Salts in very low concentrations are important for fish to properly osmoregulate and maintain the slime coat. Too much salt for the wrong fish can essentially pickle them.


----------



## tompillen (May 15, 2010)

i think my fish has bloat so i am treating him with waterlife octozin and have added the salt at 1 tablespoon per 3 gallons. on the pack it says this gives a concentration of 0.1%. there is no sign of improvement after 3 days of the treatment and i am getting worried now. i want to add the epsom salts to clear his intestines out as i think there is a blockage because he wont eat (4 days now) if i do a 50% percent water change and then add the epsom salts will this be ok? what else is good for bloat as i live in the uk and cannot get hold of clout


----------



## triscuit (May 6, 2005)

First- stop feeding until you are done treating. The meds will work best on an empty gut.
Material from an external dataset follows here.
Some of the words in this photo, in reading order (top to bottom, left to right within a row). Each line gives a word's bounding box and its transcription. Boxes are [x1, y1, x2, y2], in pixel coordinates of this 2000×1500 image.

I use metronidazole for bloat, which works great with Epsom as a laxative. As far as I can tell, Octozin has some metro or closely related drug, but that it's in too low of a concentration to be particularly helpful. Perhaps you can order real metronidazole online from Germany (check for the brand name Flagyl)? I get FishZole on Amazon, but I don't know how that works in the UK.

I suggest a 75% water change today. You really want to get the aquarium salt out of there (it's not going to help with bloat, IMO) before adding Epsom salt.
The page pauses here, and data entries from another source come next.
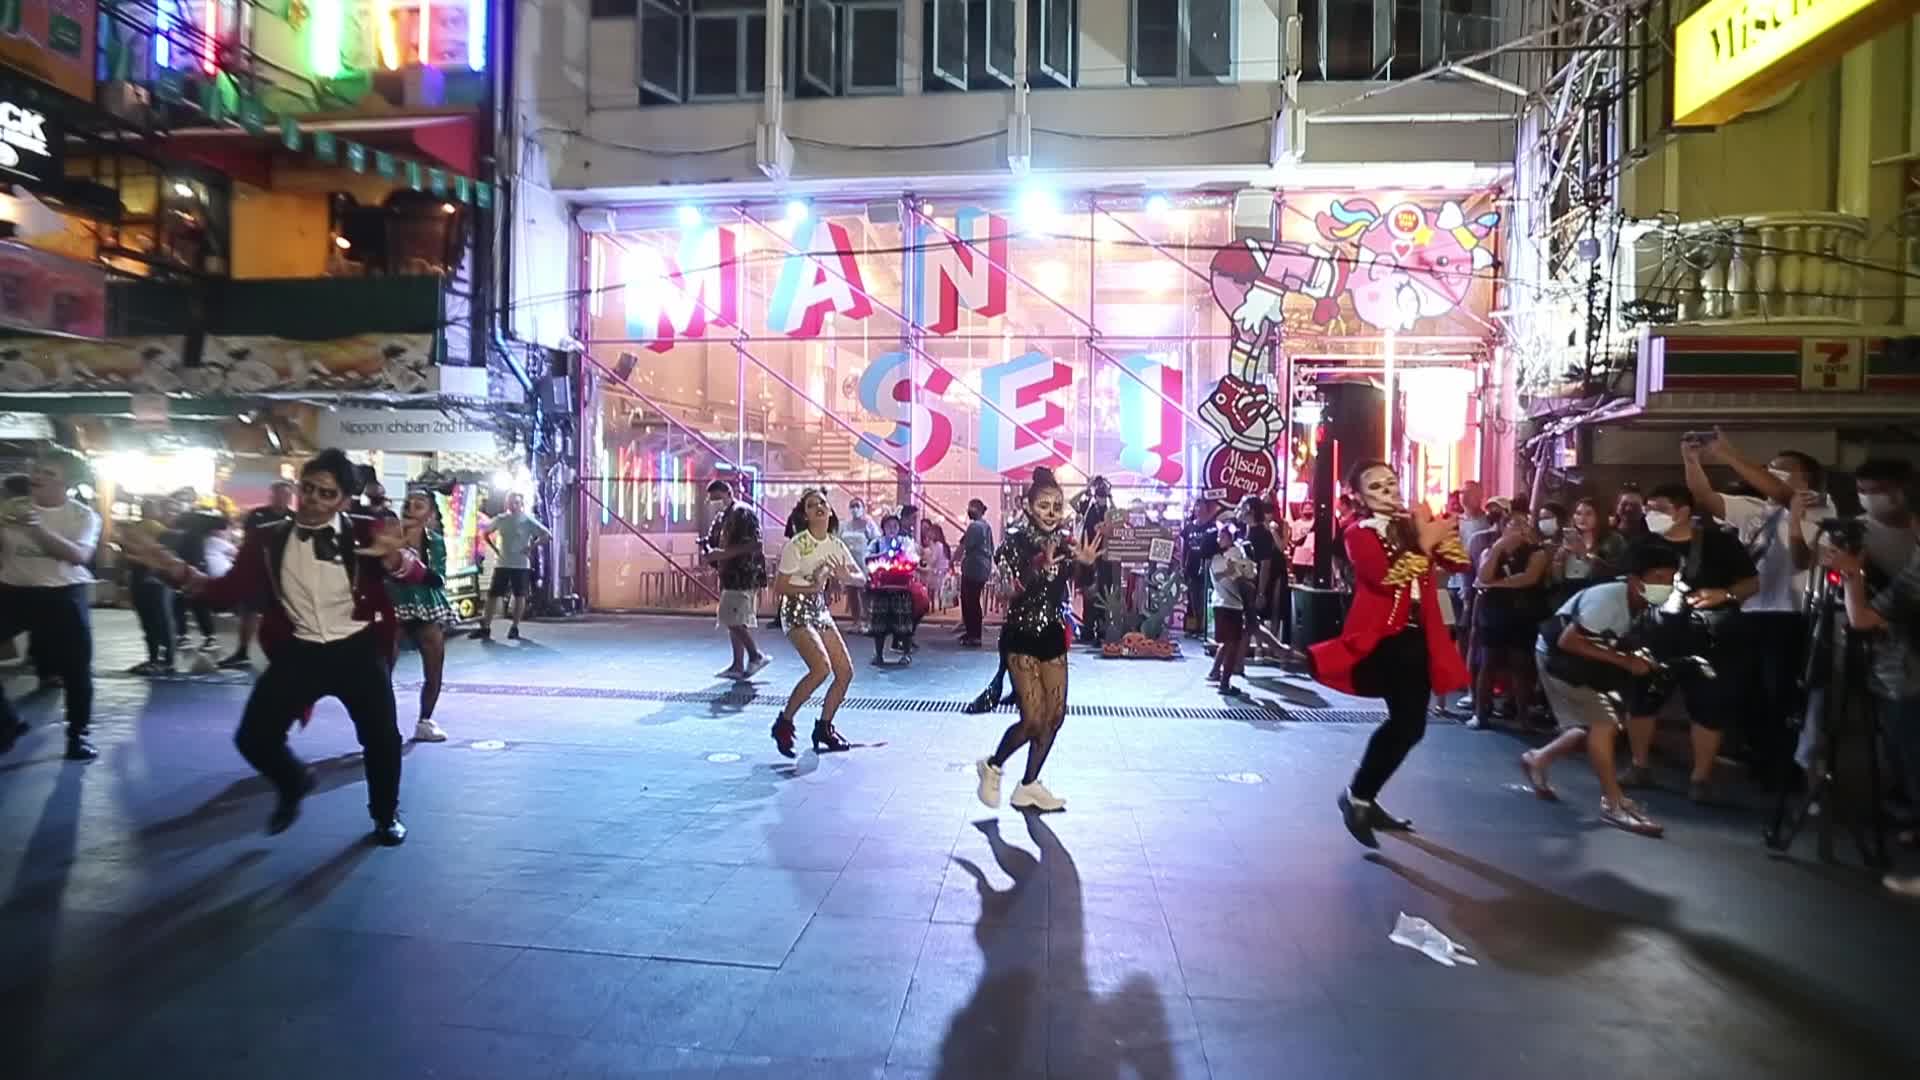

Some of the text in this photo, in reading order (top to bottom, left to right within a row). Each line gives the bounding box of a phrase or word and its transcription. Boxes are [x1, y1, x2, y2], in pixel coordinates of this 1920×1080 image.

[622, 205, 1008, 354] MAN
[339, 420, 383, 435] Nippon
[433, 420, 456, 434] 2nd
[1223, 449, 1267, 477] Mischa
[1219, 465, 1260, 494] Cheap
When you add back in the new water, add 1 TBS dissolved Epsom salt per 5 gallons of *new* water. So, roughly, thats 1 gram per liter if metric is easier.

Tomorrow, do another large water change- and add Epsom at 1g/L of new water.

Hopefully you will see some improvement with the octozin, but I would try to get straight up metronidazole if you can.


----------



## tompillen (May 15, 2010)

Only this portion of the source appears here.